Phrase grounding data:

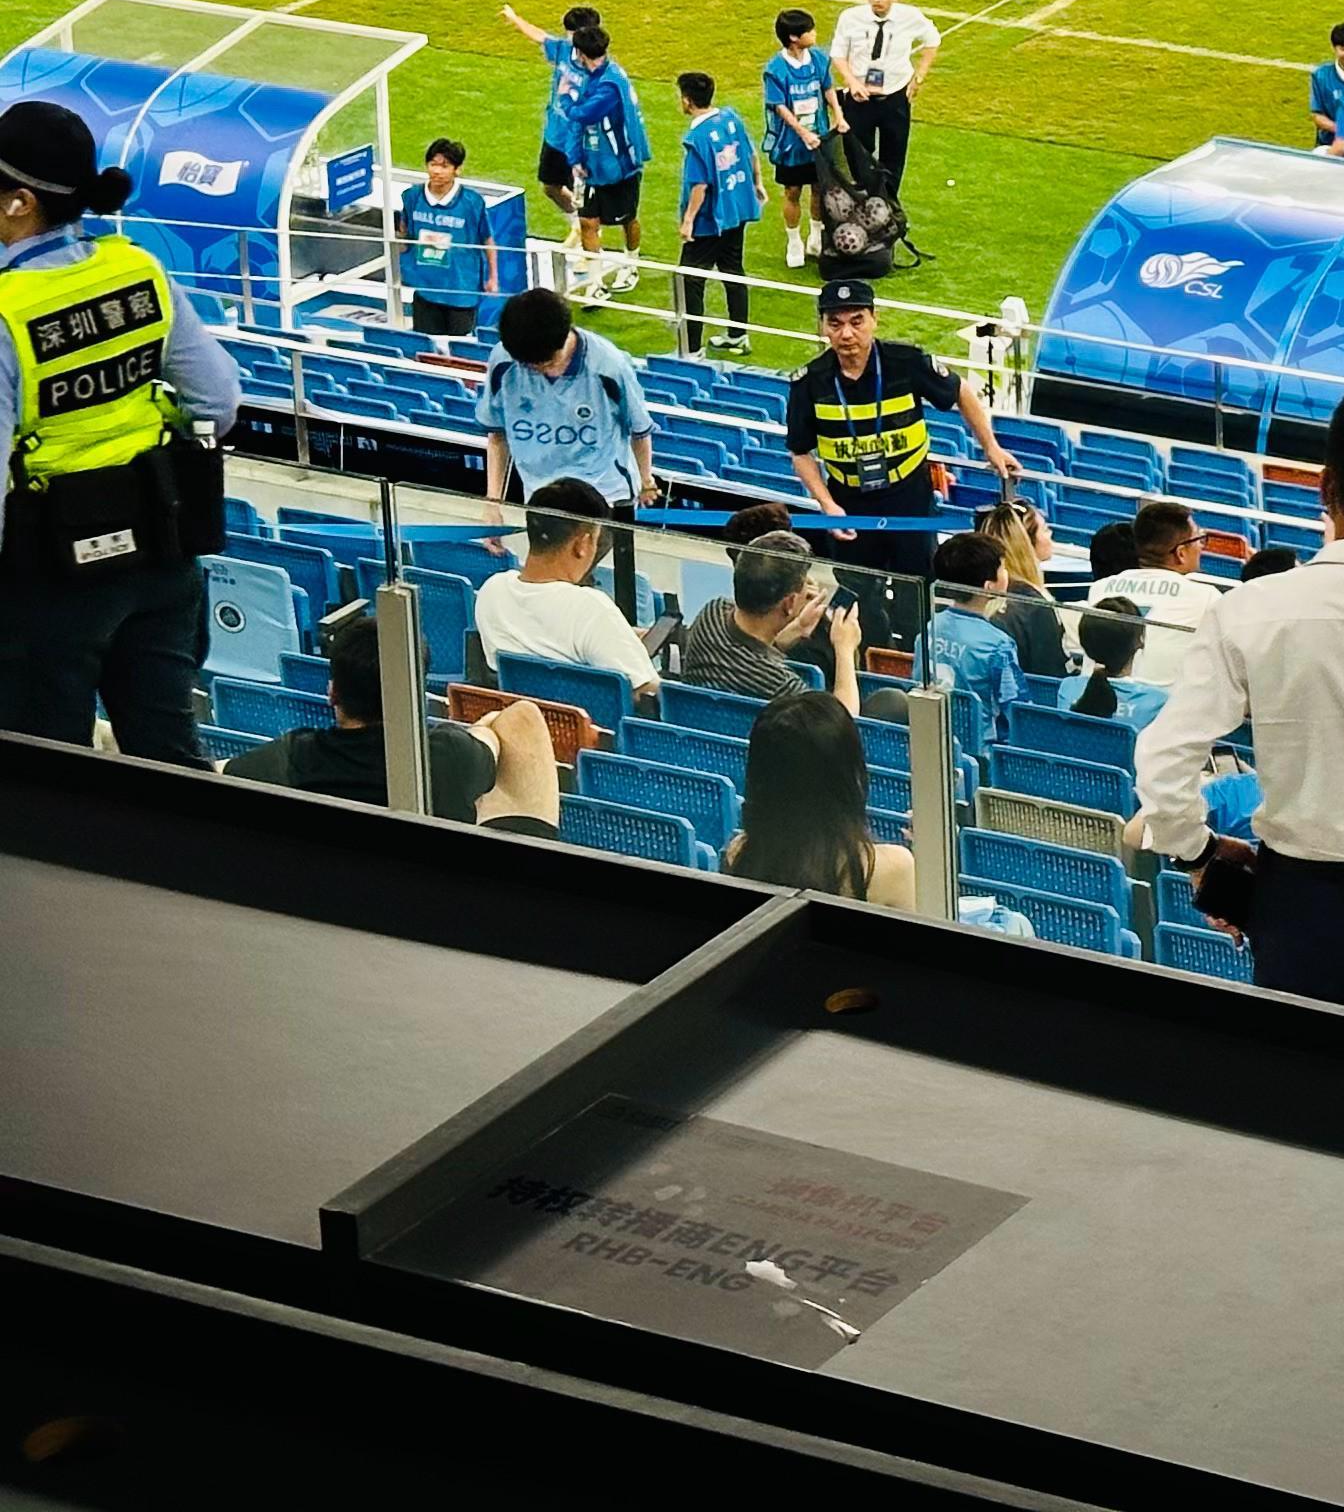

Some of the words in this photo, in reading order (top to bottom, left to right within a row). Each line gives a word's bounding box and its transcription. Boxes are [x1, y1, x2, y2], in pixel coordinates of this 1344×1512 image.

[177, 161, 225, 188] 怡寶
[1184, 279, 1225, 300] CSL
[37, 294, 158, 352] 深圳警察
[51, 348, 156, 408] POLICE
[1104, 578, 1181, 597] RONALDO
[561, 1231, 757, 1294] RHB-ENG
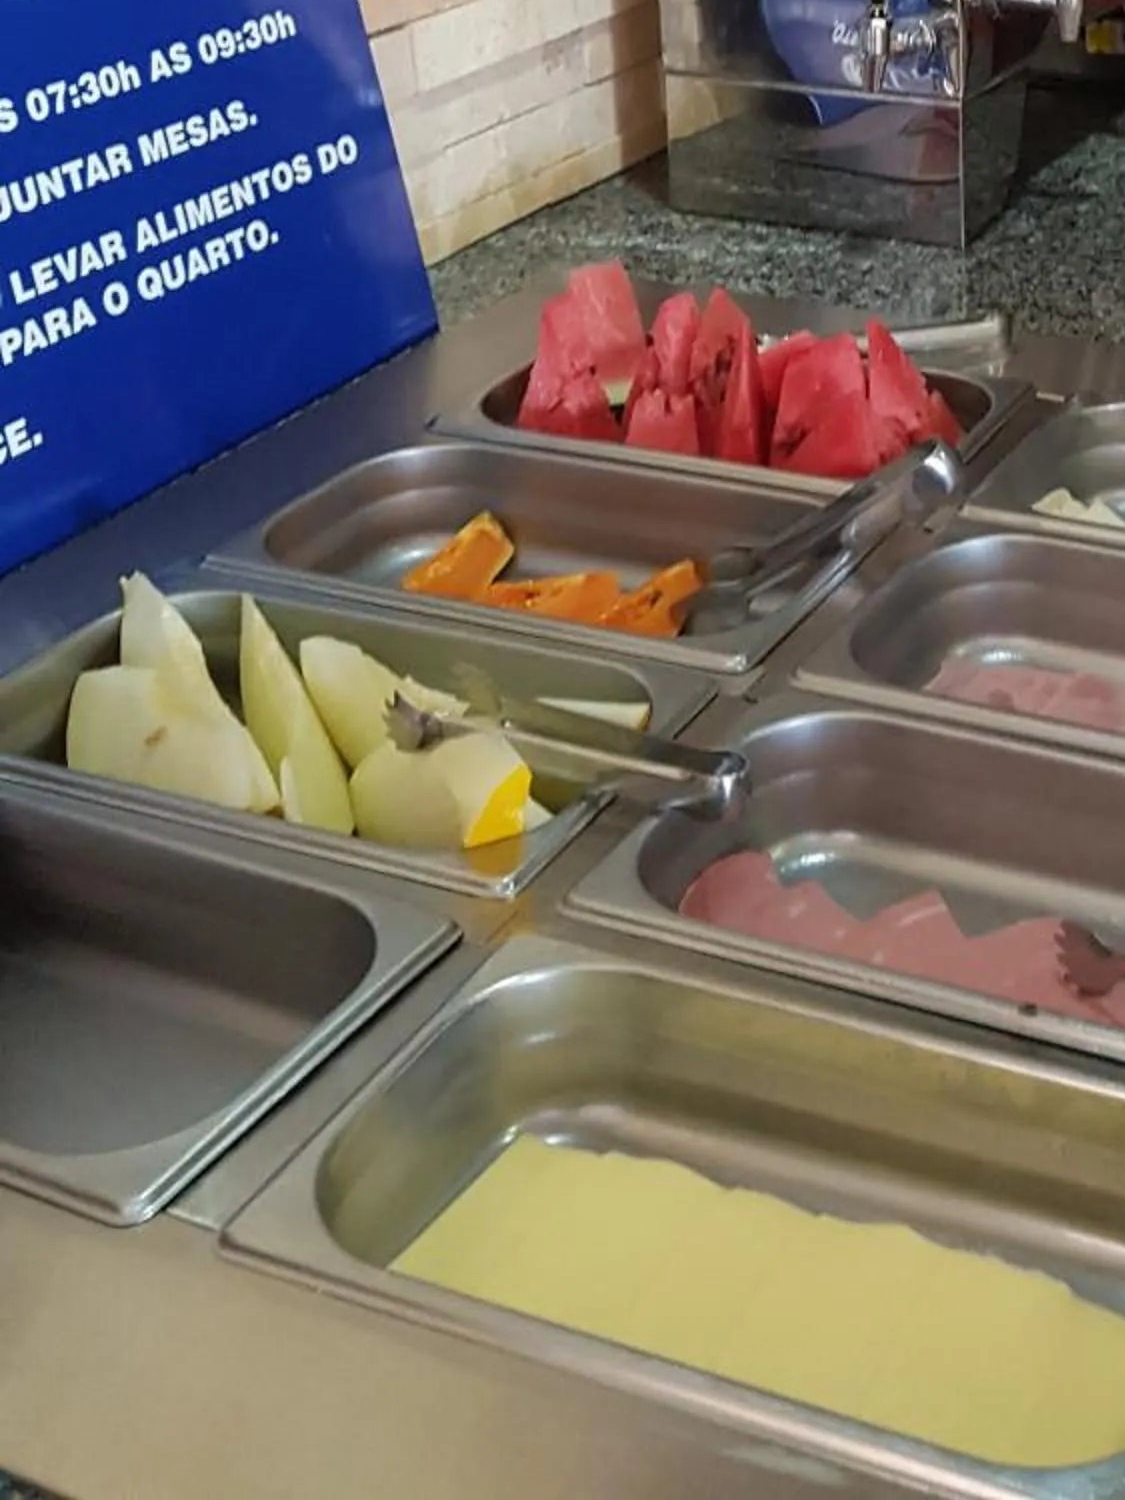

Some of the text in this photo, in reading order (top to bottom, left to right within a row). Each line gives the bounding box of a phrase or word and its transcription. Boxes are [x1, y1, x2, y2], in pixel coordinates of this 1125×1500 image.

[25, 60, 142, 122] 07:30h
[150, 41, 193, 83] AS
[197, 9, 297, 65] 09:30h
[137, 100, 258, 167] MESAS.
[9, 134, 358, 305] LEVAR ALIMENTOS DO
[0, 220, 279, 366] PARA O QUARTO.
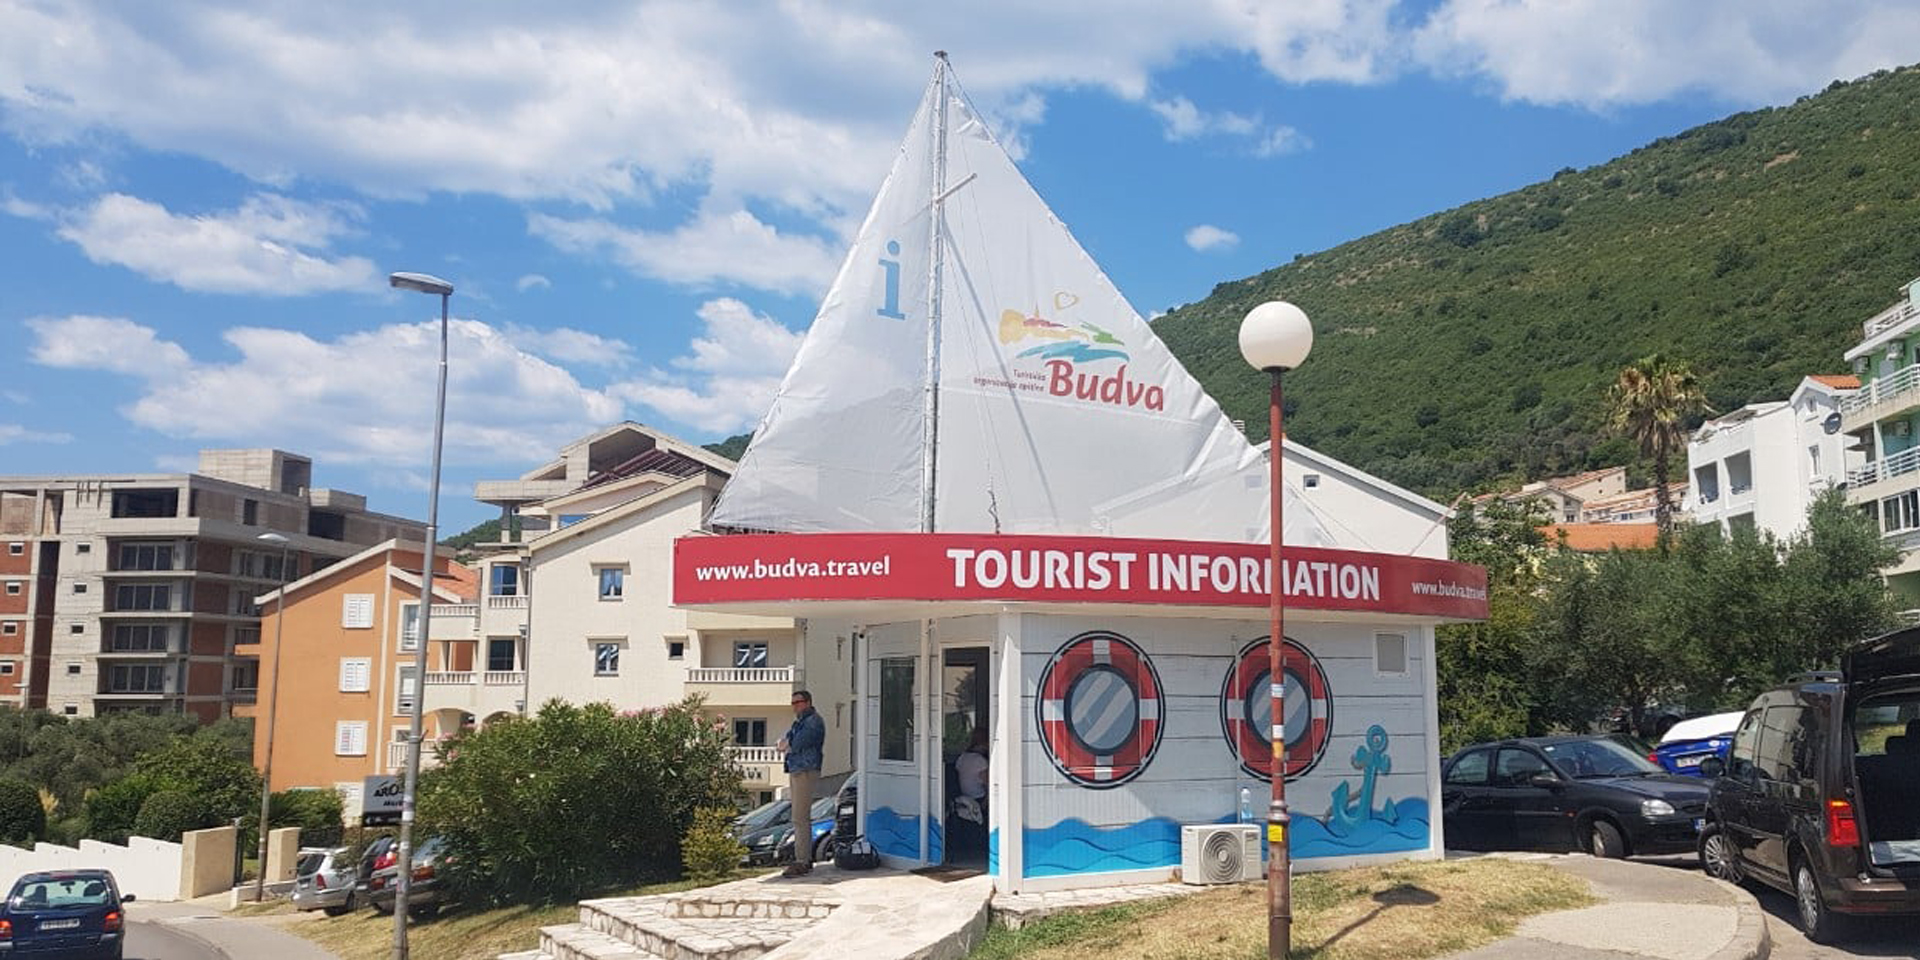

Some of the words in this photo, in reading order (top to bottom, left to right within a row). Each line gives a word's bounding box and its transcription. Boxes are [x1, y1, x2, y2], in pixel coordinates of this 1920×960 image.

[1045, 359, 1163, 411] Budva
[696, 555, 890, 581] www.budva.travel
[946, 549, 1137, 590] TOURIST

[Your assignment]
The output must match the records word for word, except that no pictures appear.

[Solution to this task]
Some of the words in this photo, in reading order (top to bottom, left to right within a row). Each line gives a word's bounding box and its transcription. Boxes are [x1, y1, x2, y2], in pixel coordinates of this 1344×1512 image.

[177, 161, 225, 188] 怡寶
[1184, 279, 1225, 300] CSL
[37, 294, 158, 352] 深圳警察
[51, 348, 156, 408] POLICE
[1104, 578, 1181, 597] RONALDO
[561, 1231, 757, 1294] RHB-ENG

Some of the text in this photo, in reading order (top to bottom, left to right within a row). Each line gives the bounding box of a phrase or word and its transcription. Boxes are [x1, y1, x2, y2], in pixel coordinates of this 1125×1500 image.

[25, 60, 142, 122] 07:30h
[150, 41, 193, 83] AS
[197, 9, 297, 65] 09:30h
[137, 100, 258, 167] MESAS.
[9, 134, 358, 305] LEVAR ALIMENTOS DO
[0, 220, 279, 366] PARA O QUARTO.

Some of the words in this photo, in reading order (top to bottom, left to right within a row). Each line gives a word's bounding box and its transcription. Boxes are [x1, y1, x2, y2], in pixel coordinates of this 1920×960 image.

[1045, 359, 1163, 411] Budva
[696, 555, 890, 581] www.budva.travel
[946, 549, 1137, 590] TOURIST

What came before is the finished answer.